» **What the exercise asks**: Only the images get left out; everything else in the records is to be transcribed exactly.

START Available data

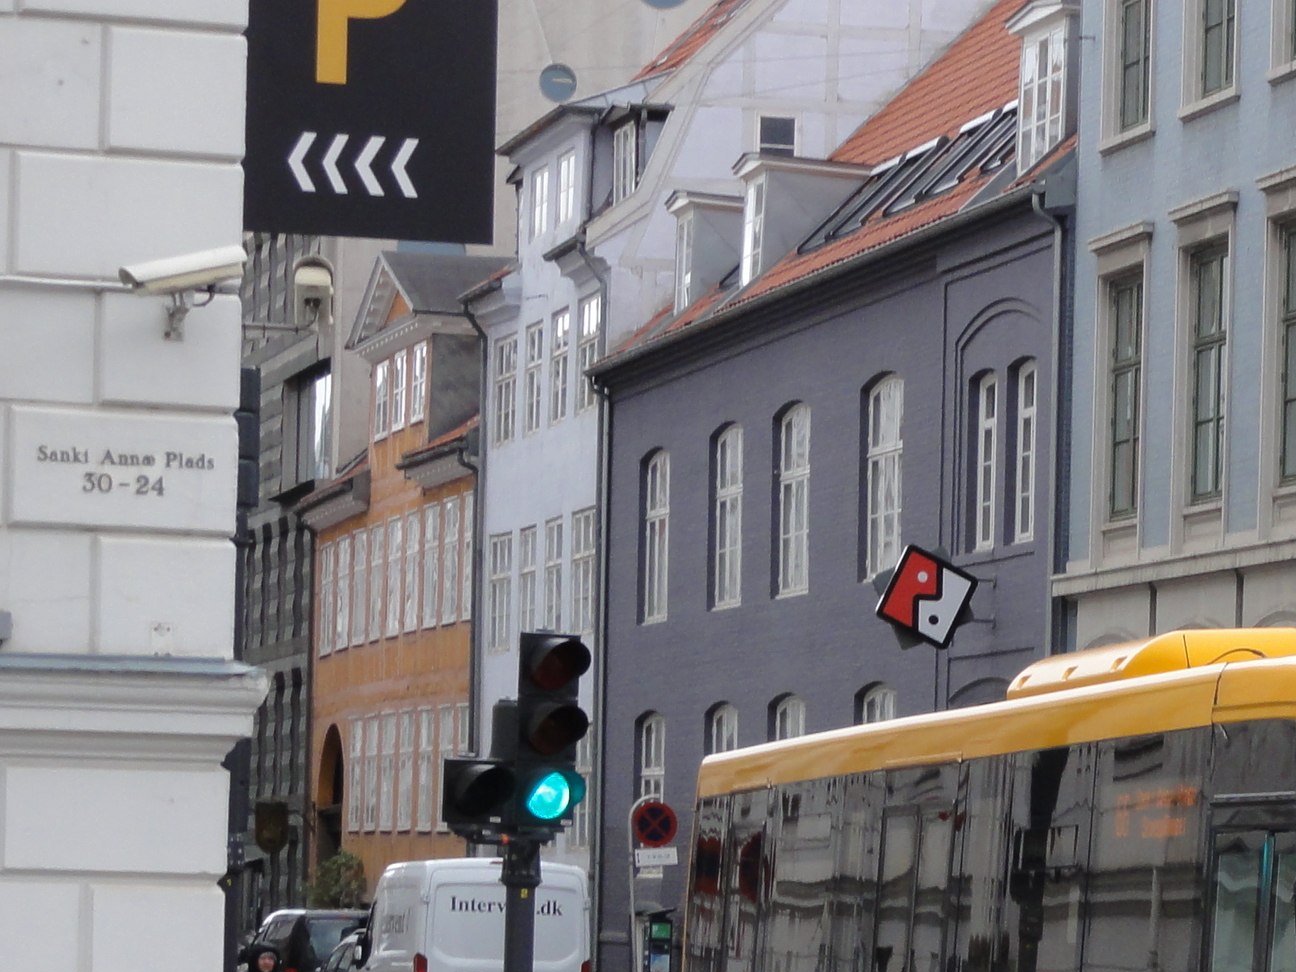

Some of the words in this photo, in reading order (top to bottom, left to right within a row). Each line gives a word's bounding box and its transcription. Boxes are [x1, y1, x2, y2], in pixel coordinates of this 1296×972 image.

[37, 445, 89, 464] Sankt
[100, 449, 156, 467] Annæ
[165, 451, 215, 470] Plads
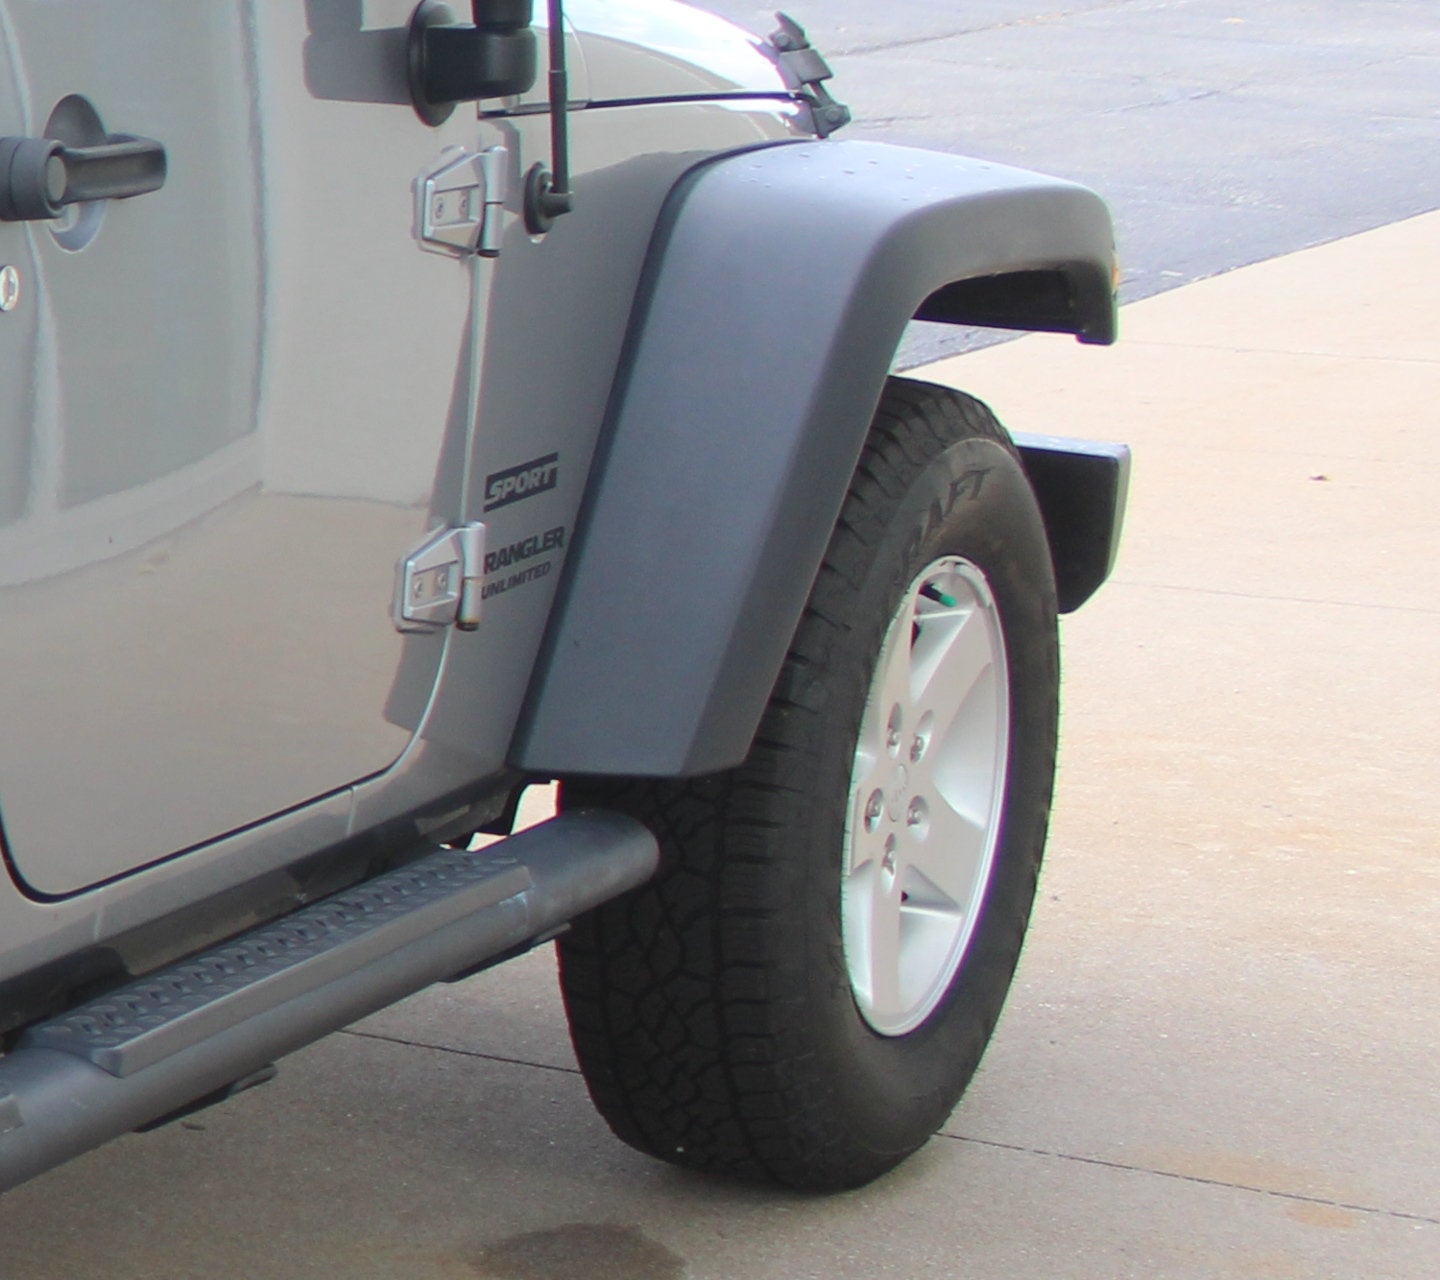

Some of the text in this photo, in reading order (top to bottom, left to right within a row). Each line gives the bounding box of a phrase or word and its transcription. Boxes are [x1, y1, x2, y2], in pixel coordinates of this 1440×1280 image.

[483, 461, 558, 505] SPORT
[484, 525, 566, 575] RANGLER
[480, 560, 552, 600] UNLIMITED

END Available data

» **Task answer**:
Some of the words in this photo, in reading order (top to bottom, left to right within a row). Each line gives a word's bounding box and its transcription. Boxes are [x1, y1, x2, y2], in pixel coordinates of this 1296×972 image.

[37, 445, 89, 464] Sankt
[100, 449, 156, 467] Annæ
[165, 451, 215, 470] Plads

Some of the text in this photo, in reading order (top to bottom, left to right within a row). Each line gives the bounding box of a phrase or word and its transcription. Boxes are [x1, y1, x2, y2], in pixel coordinates of this 1440×1280 image.

[483, 461, 558, 505] SPORT
[484, 525, 566, 575] RANGLER
[480, 560, 552, 600] UNLIMITED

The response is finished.